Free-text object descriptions
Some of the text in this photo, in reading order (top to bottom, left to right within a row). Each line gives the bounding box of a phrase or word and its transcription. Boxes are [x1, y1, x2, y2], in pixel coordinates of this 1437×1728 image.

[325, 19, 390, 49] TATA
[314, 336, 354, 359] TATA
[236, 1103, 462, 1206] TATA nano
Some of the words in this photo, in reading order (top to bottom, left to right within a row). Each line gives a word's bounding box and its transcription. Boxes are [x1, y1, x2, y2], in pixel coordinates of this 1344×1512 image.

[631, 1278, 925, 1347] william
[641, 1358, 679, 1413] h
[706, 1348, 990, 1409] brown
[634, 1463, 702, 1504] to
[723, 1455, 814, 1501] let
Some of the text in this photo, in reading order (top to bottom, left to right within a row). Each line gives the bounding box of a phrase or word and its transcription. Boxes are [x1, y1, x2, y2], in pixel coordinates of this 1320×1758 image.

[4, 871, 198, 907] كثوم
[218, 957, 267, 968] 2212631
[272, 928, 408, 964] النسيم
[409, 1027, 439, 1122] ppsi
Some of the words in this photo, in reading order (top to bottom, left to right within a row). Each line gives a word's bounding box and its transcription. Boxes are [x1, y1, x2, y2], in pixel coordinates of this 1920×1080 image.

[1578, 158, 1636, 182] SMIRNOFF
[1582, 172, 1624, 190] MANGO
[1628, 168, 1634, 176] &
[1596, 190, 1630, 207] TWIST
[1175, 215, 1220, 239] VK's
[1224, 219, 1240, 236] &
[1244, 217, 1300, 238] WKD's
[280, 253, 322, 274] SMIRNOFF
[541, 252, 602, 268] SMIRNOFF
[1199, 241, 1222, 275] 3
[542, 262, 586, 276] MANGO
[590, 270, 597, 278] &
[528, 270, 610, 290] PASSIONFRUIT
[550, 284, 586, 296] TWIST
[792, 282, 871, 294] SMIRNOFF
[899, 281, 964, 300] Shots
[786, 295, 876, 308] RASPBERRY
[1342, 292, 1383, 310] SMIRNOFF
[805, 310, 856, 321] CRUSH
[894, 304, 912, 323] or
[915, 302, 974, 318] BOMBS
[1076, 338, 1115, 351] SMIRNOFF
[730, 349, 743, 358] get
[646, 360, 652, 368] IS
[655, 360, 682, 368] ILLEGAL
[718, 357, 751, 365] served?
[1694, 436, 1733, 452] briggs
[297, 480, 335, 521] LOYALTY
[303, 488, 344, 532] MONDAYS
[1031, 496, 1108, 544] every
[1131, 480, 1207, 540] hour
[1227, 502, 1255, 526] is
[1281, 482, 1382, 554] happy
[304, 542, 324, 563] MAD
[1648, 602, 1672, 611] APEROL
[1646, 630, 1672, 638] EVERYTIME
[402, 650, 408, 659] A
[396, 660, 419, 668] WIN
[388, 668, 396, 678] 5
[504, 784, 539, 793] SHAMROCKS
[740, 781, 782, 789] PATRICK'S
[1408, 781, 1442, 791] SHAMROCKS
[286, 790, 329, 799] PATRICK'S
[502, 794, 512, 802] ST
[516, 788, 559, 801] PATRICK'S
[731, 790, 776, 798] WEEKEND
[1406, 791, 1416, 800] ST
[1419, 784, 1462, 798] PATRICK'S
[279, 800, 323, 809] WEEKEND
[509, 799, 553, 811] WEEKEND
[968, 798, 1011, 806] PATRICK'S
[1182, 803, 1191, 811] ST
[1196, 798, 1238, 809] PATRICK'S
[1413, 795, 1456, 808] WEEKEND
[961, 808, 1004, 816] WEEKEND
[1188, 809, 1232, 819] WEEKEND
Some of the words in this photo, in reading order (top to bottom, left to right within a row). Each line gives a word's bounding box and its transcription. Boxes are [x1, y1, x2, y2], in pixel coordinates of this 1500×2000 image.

> Exercise brief
All entries above need to be copied verbatim.

> Response to this exercise
Some of the text in this photo, in reading order (top to bottom, left to right within a row). Each line gives the bounding box of a phrase or word and its transcription. Boxes are [x1, y1, x2, y2], in pixel coordinates of this 1437×1728 image.

[325, 19, 390, 49] TATA
[314, 336, 354, 359] TATA
[236, 1103, 462, 1206] TATA nano
Some of the words in this photo, in reading order (top to bottom, left to right within a row). Each line gives a word's bounding box and its transcription. Boxes are [x1, y1, x2, y2], in pixel coordinates of this 1344×1512 image.

[631, 1278, 925, 1347] william
[641, 1358, 679, 1413] h
[706, 1348, 990, 1409] brown
[634, 1463, 702, 1504] to
[723, 1455, 814, 1501] let
Some of the text in this photo, in reading order (top to bottom, left to right within a row). Each line gives the bounding box of a phrase or word and its transcription. Boxes are [x1, y1, x2, y2], in pixel coordinates of this 1320×1758 image.

[4, 871, 198, 907] كثوم
[218, 957, 267, 968] 2212631
[272, 928, 408, 964] النسيم
[409, 1027, 439, 1122] ppsi
Some of the words in this photo, in reading order (top to bottom, left to right within a row). Each line gives a word's bounding box and its transcription. Boxes are [x1, y1, x2, y2], in pixel coordinates of this 1920×1080 image.

[1578, 158, 1636, 182] SMIRNOFF
[1582, 172, 1624, 190] MANGO
[1628, 168, 1634, 176] &
[1596, 190, 1630, 207] TWIST
[1175, 215, 1220, 239] VK's
[1224, 219, 1240, 236] &
[1244, 217, 1300, 238] WKD's
[280, 253, 322, 274] SMIRNOFF
[541, 252, 602, 268] SMIRNOFF
[1199, 241, 1222, 275] 3
[542, 262, 586, 276] MANGO
[590, 270, 597, 278] &
[528, 270, 610, 290] PASSIONFRUIT
[550, 284, 586, 296] TWIST
[792, 282, 871, 294] SMIRNOFF
[899, 281, 964, 300] Shots
[786, 295, 876, 308] RASPBERRY
[1342, 292, 1383, 310] SMIRNOFF
[805, 310, 856, 321] CRUSH
[894, 304, 912, 323] or
[915, 302, 974, 318] BOMBS
[1076, 338, 1115, 351] SMIRNOFF
[730, 349, 743, 358] get
[646, 360, 652, 368] IS
[655, 360, 682, 368] ILLEGAL
[718, 357, 751, 365] served?
[1694, 436, 1733, 452] briggs
[297, 480, 335, 521] LOYALTY
[303, 488, 344, 532] MONDAYS
[1031, 496, 1108, 544] every
[1131, 480, 1207, 540] hour
[1227, 502, 1255, 526] is
[1281, 482, 1382, 554] happy
[304, 542, 324, 563] MAD
[1648, 602, 1672, 611] APEROL
[1646, 630, 1672, 638] EVERYTIME
[402, 650, 408, 659] A
[396, 660, 419, 668] WIN
[388, 668, 396, 678] 5
[504, 784, 539, 793] SHAMROCKS
[740, 781, 782, 789] PATRICK'S
[1408, 781, 1442, 791] SHAMROCKS
[286, 790, 329, 799] PATRICK'S
[502, 794, 512, 802] ST
[516, 788, 559, 801] PATRICK'S
[731, 790, 776, 798] WEEKEND
[1406, 791, 1416, 800] ST
[1419, 784, 1462, 798] PATRICK'S
[279, 800, 323, 809] WEEKEND
[509, 799, 553, 811] WEEKEND
[968, 798, 1011, 806] PATRICK'S
[1182, 803, 1191, 811] ST
[1196, 798, 1238, 809] PATRICK'S
[1413, 795, 1456, 808] WEEKEND
[961, 808, 1004, 816] WEEKEND
[1188, 809, 1232, 819] WEEKEND
Some of the words in this photo, in reading order (top to bottom, left to right within a row). Each line gives a word's bounding box and its transcription. Boxes are [x1, y1, x2, y2], in pixel coordinates of this 1500×2000 image.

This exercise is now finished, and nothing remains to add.